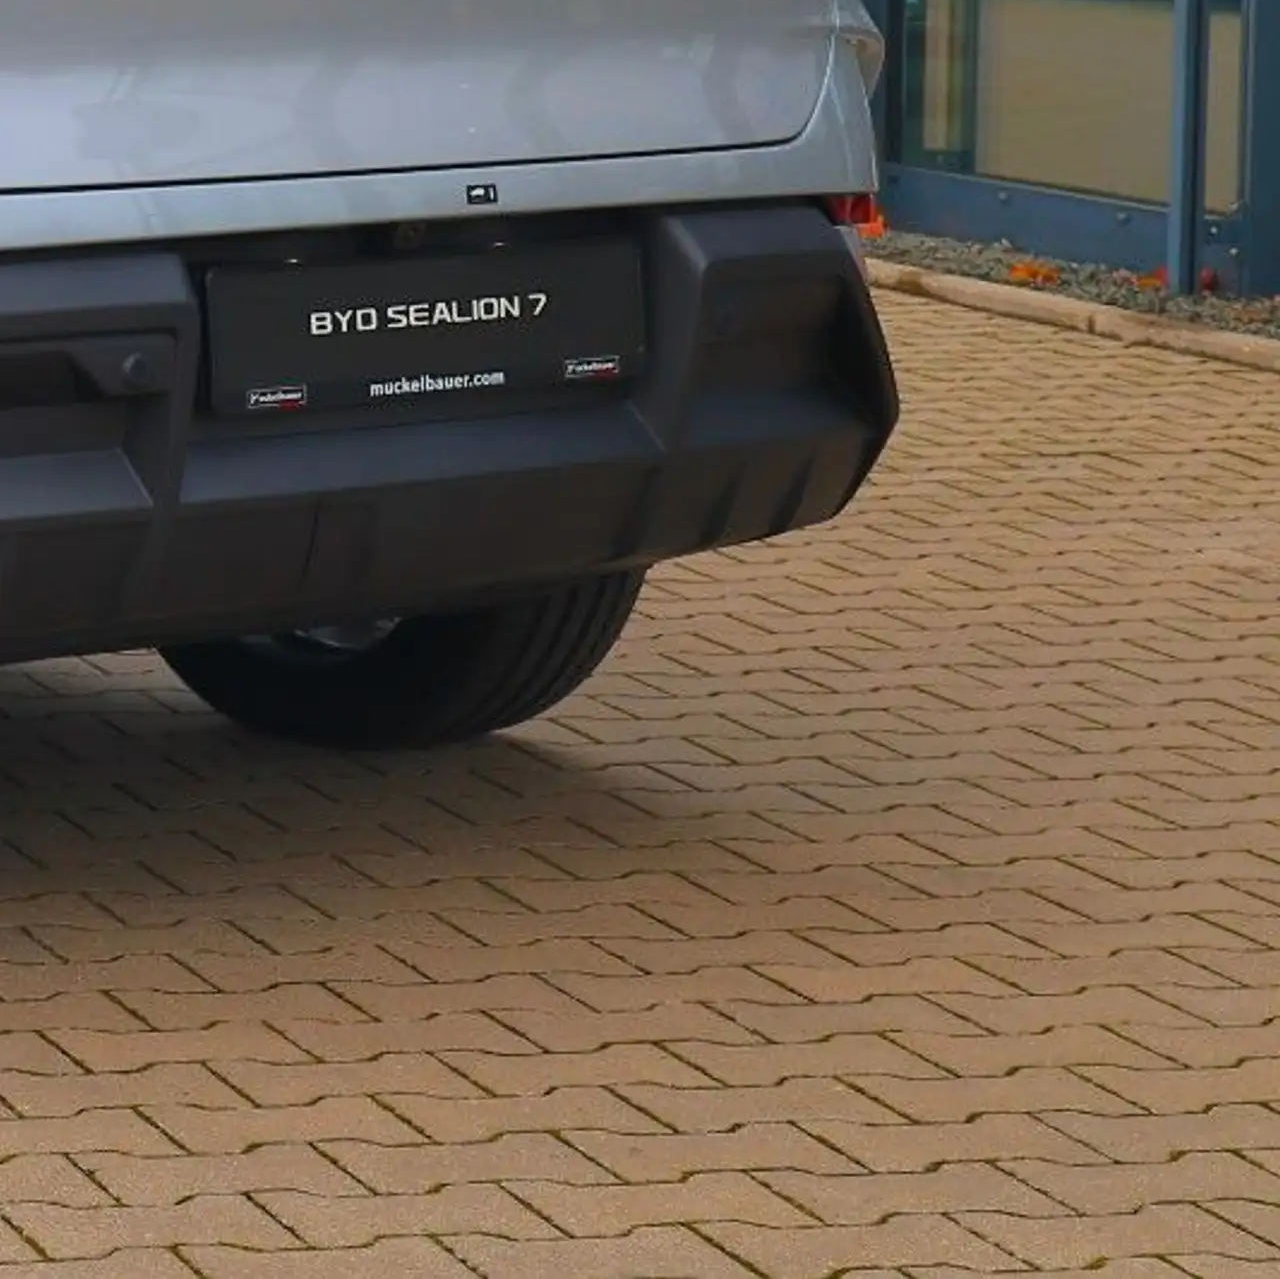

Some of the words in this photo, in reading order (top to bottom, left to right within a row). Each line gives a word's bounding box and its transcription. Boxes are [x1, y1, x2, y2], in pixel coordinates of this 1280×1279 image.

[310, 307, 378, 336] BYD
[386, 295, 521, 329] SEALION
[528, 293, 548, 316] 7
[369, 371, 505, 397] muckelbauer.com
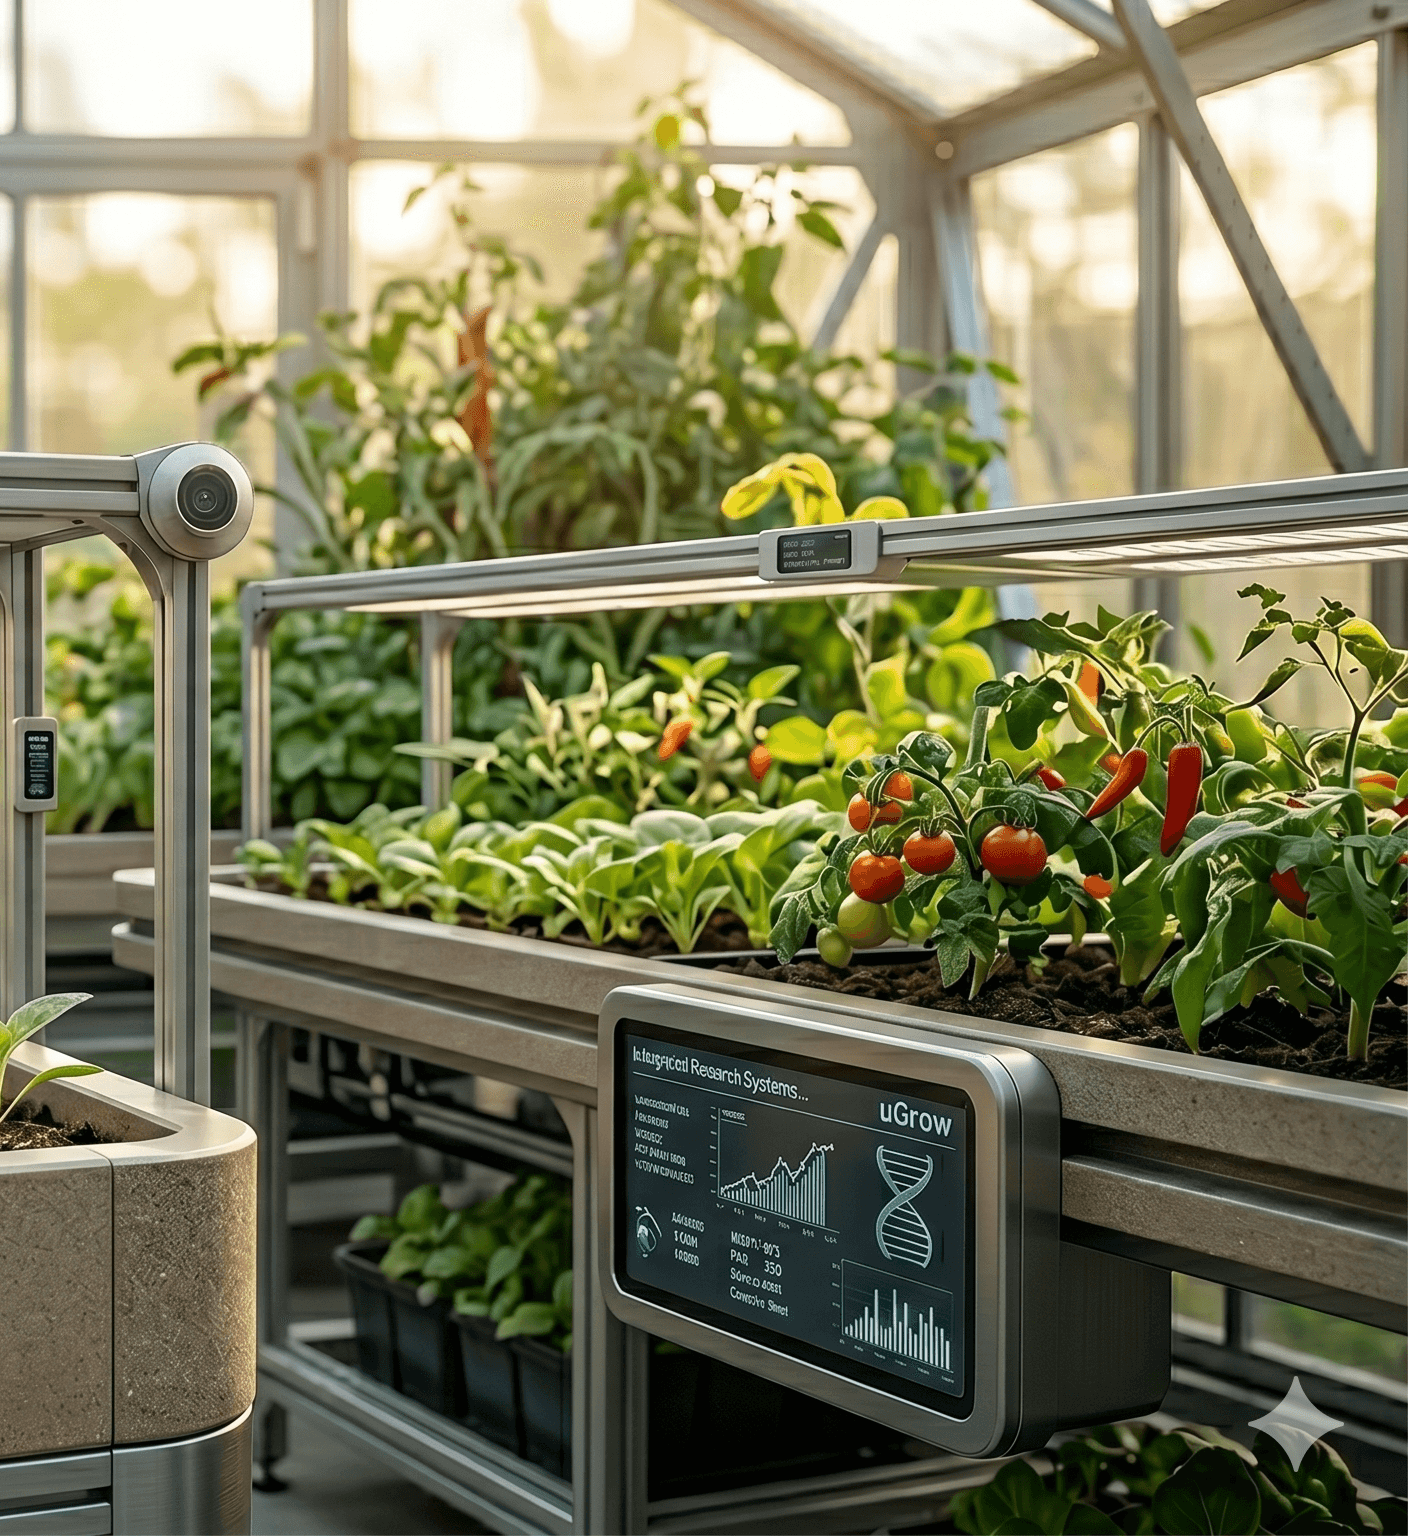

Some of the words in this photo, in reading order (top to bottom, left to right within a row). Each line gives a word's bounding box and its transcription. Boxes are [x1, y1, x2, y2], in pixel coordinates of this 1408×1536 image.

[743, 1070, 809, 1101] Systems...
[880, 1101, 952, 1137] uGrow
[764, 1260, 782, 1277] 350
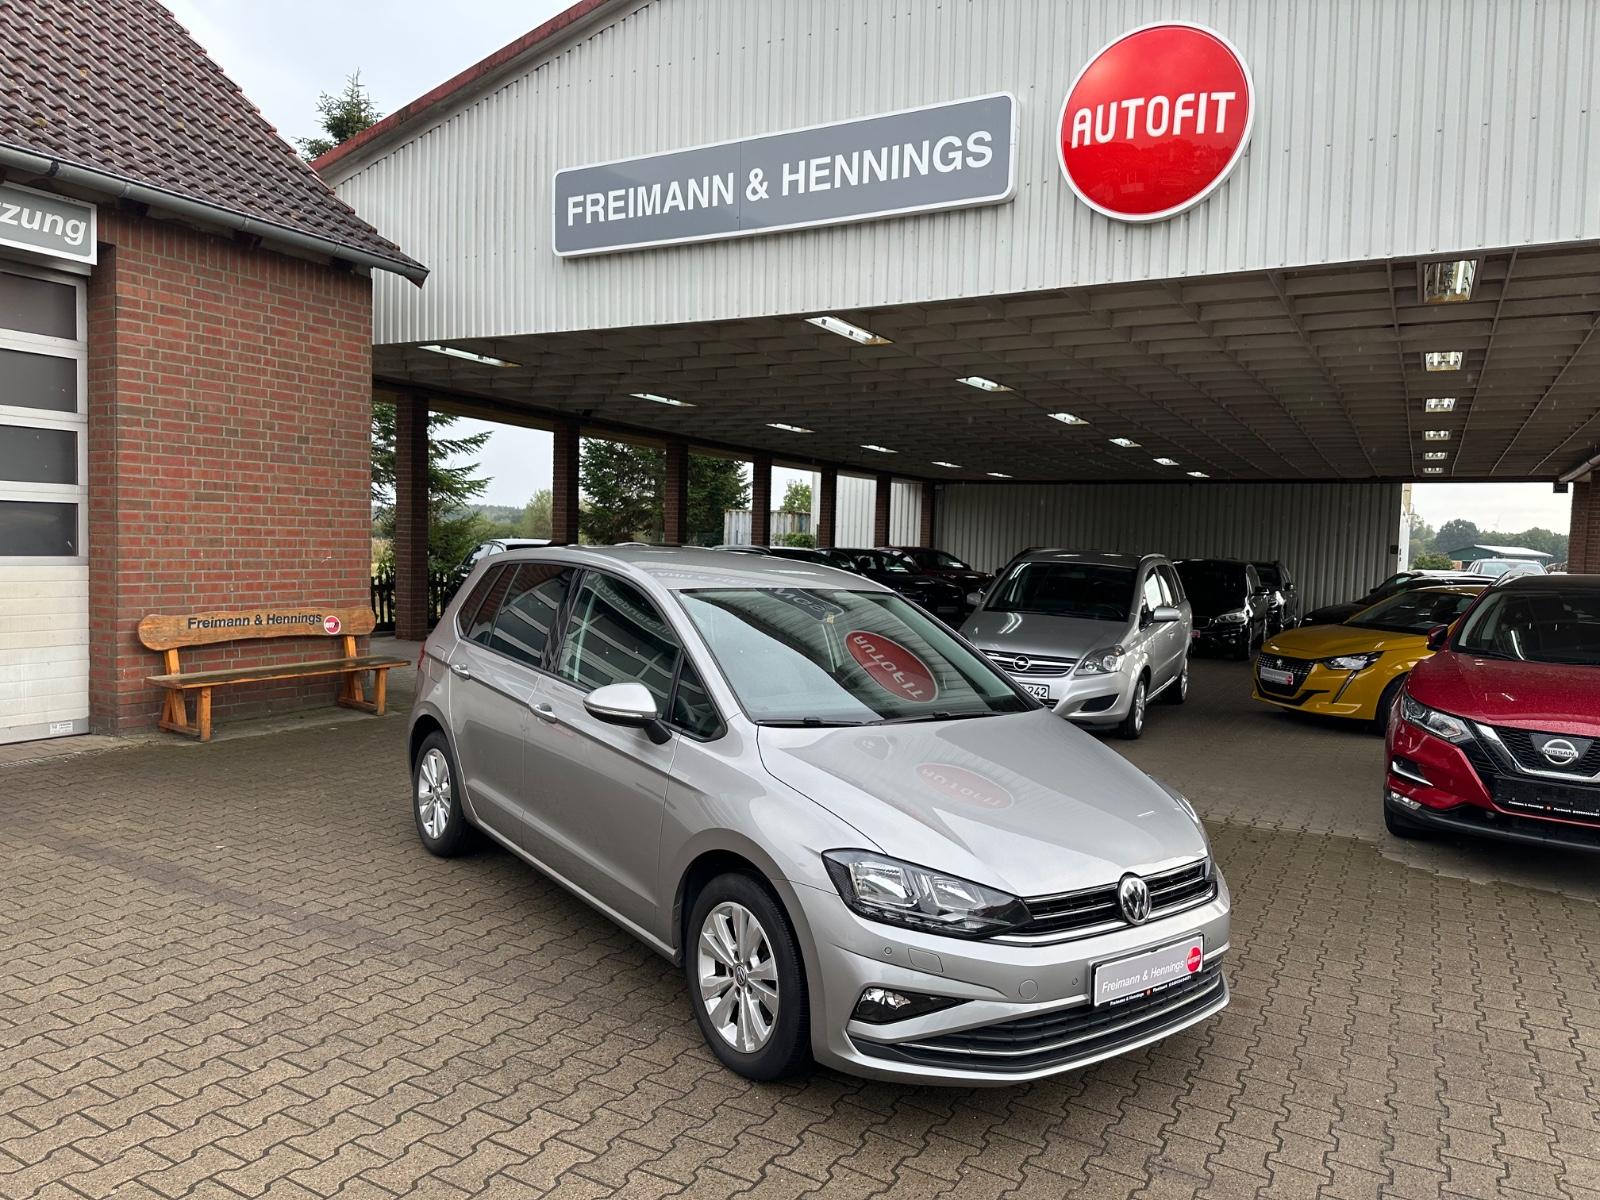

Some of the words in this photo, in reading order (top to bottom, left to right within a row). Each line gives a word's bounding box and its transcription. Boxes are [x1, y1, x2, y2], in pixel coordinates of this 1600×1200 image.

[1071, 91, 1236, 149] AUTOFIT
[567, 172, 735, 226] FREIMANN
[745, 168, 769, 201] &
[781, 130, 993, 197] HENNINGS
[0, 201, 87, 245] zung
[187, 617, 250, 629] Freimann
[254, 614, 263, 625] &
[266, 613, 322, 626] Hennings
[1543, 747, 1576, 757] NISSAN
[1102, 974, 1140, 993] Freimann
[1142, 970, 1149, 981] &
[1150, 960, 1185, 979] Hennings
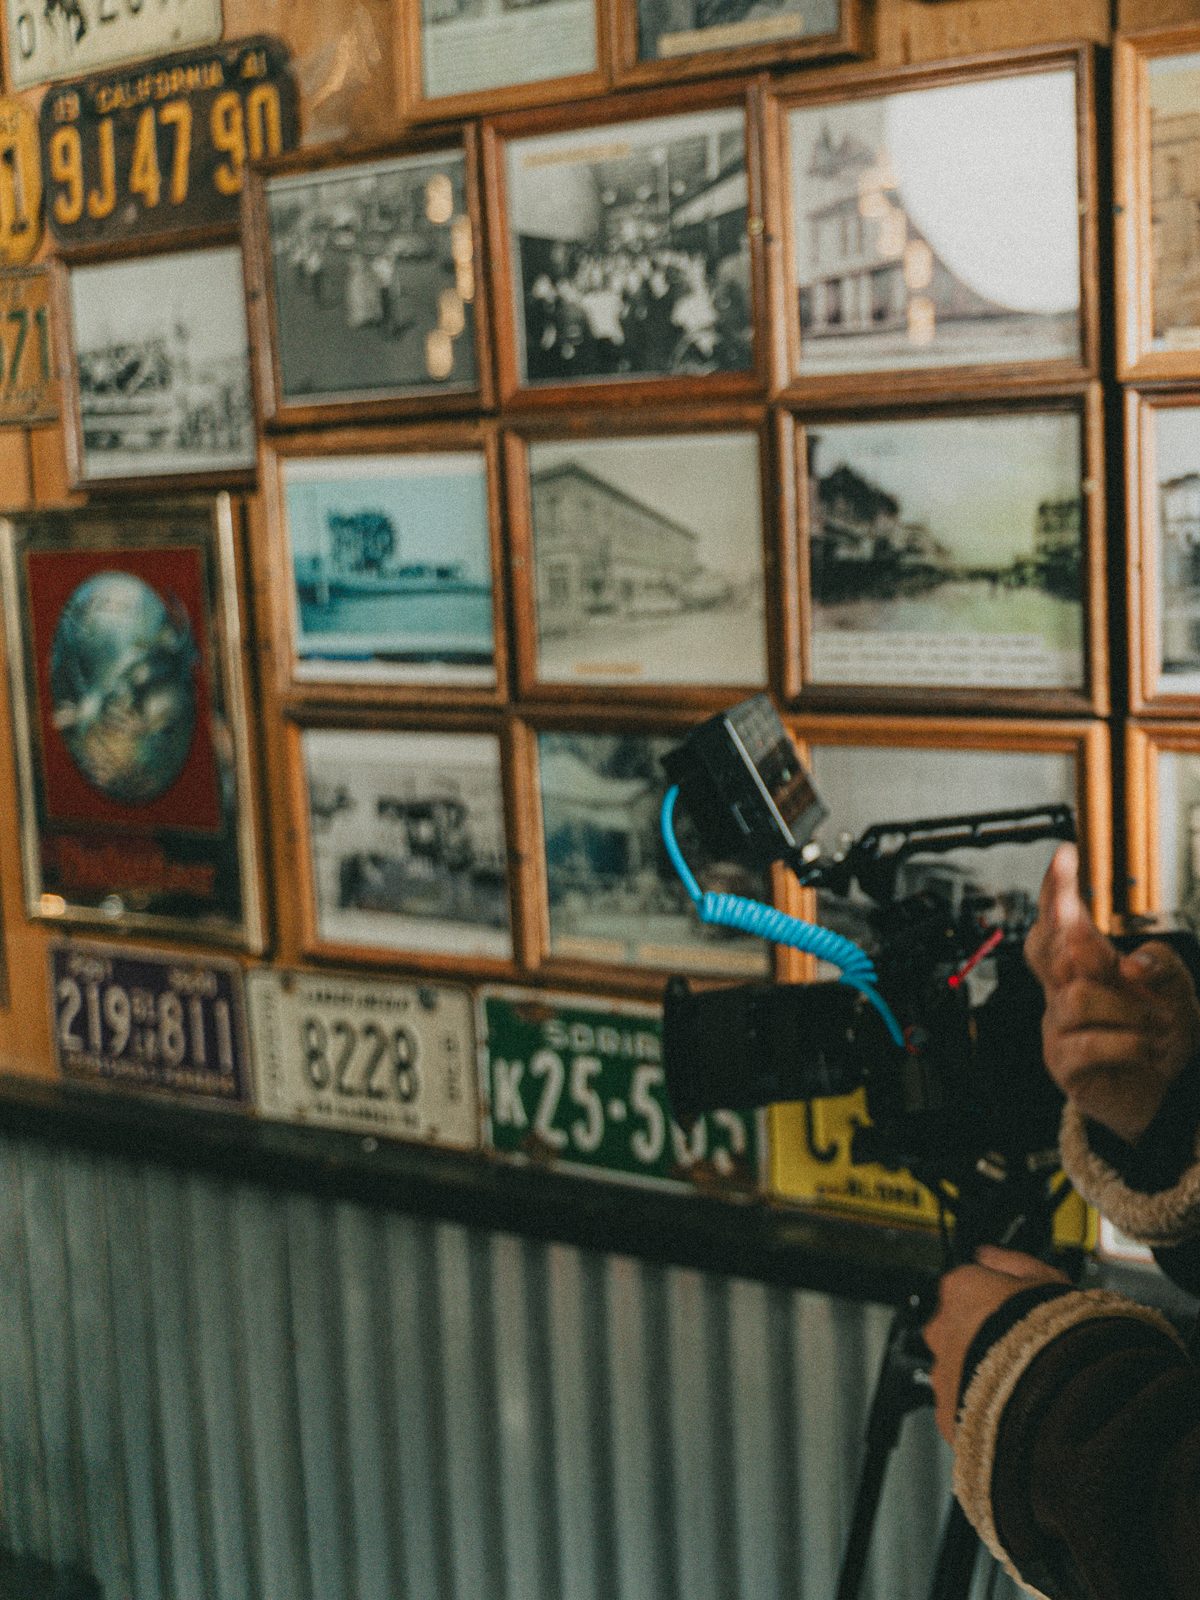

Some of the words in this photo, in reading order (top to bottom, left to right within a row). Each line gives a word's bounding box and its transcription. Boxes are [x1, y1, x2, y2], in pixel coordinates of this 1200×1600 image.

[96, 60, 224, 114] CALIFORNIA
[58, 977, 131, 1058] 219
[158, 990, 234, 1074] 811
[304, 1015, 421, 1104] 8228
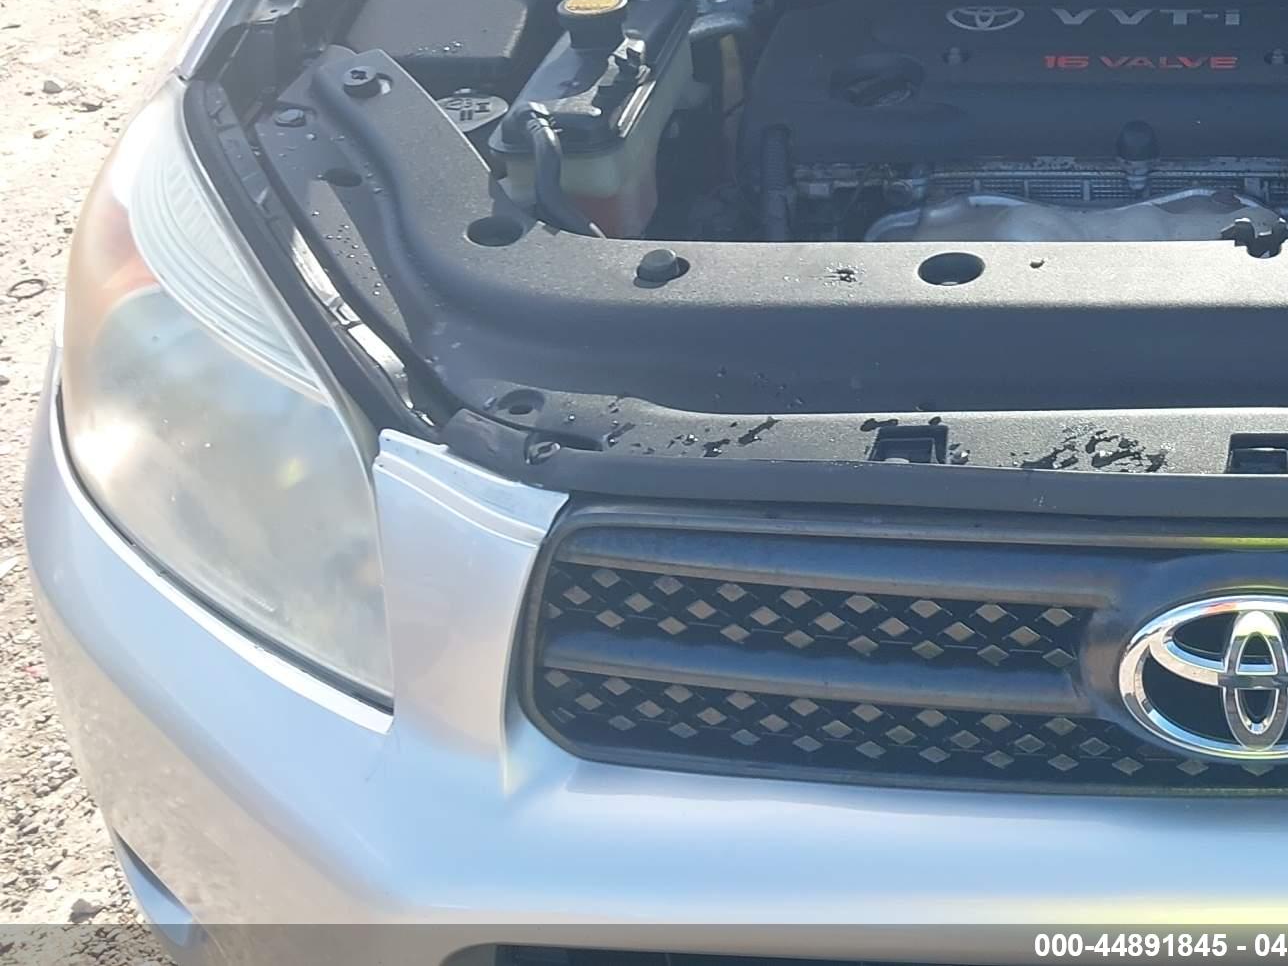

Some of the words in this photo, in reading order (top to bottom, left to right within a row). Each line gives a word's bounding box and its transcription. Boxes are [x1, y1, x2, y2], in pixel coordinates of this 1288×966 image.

*Task details*
In your copy, include no pictures; print every line above exactly.

*Task response*
Some of the words in this photo, in reading order (top to bottom, left to right within a row). Each line gives a word's bounding box and its transcription. Boxes are [x1, y1, x2, y2], in pixel coordinates of this 1280×1279 image.

[310, 307, 378, 336] BYD
[386, 295, 521, 329] SEALION
[528, 293, 548, 316] 7
[369, 371, 505, 397] muckelbauer.com

Some of the words in this photo, in reading order (top to bottom, left to right within a row). Each line gives a word's bounding box and its transcription. Boxes are [x1, y1, x2, y2], in pixel coordinates of this 1408×1536 image.

[743, 1070, 809, 1101] Systems...
[880, 1101, 952, 1137] uGrow
[764, 1260, 782, 1277] 350

Some of the words in this photo, in reading order (top to bottom, left to right within a row). Each line gives a word's bounding box and its transcription. Boxes are [x1, y1, x2, y2], in pixel coordinates of this 1600×1200 image.

[1071, 91, 1236, 149] AUTOFIT
[567, 172, 735, 226] FREIMANN
[745, 168, 769, 201] &
[781, 130, 993, 197] HENNINGS
[0, 201, 87, 245] zung
[187, 617, 250, 629] Freimann
[254, 614, 263, 625] &
[266, 613, 322, 626] Hennings
[1543, 747, 1576, 757] NISSAN
[1102, 974, 1140, 993] Freimann
[1142, 970, 1149, 981] &
[1150, 960, 1185, 979] Hennings

Some of the words in this photo, in reading order (top to bottom, left to right within a row). Each line gives a word's bounding box and its transcription. Boxes are [x1, y1, x2, y2], in pixel coordinates of this 1200×1600 image.

[96, 60, 224, 114] CALIFORNIA
[58, 977, 131, 1058] 219
[158, 990, 234, 1074] 811
[304, 1015, 421, 1104] 8228

Some of the words in this photo, in reading order (top to bottom, left to right within a row). Each line gives a word's bounding box and its transcription. Boxes are [x1, y1, x2, y2], in pixel coordinates of this 1288×966 image.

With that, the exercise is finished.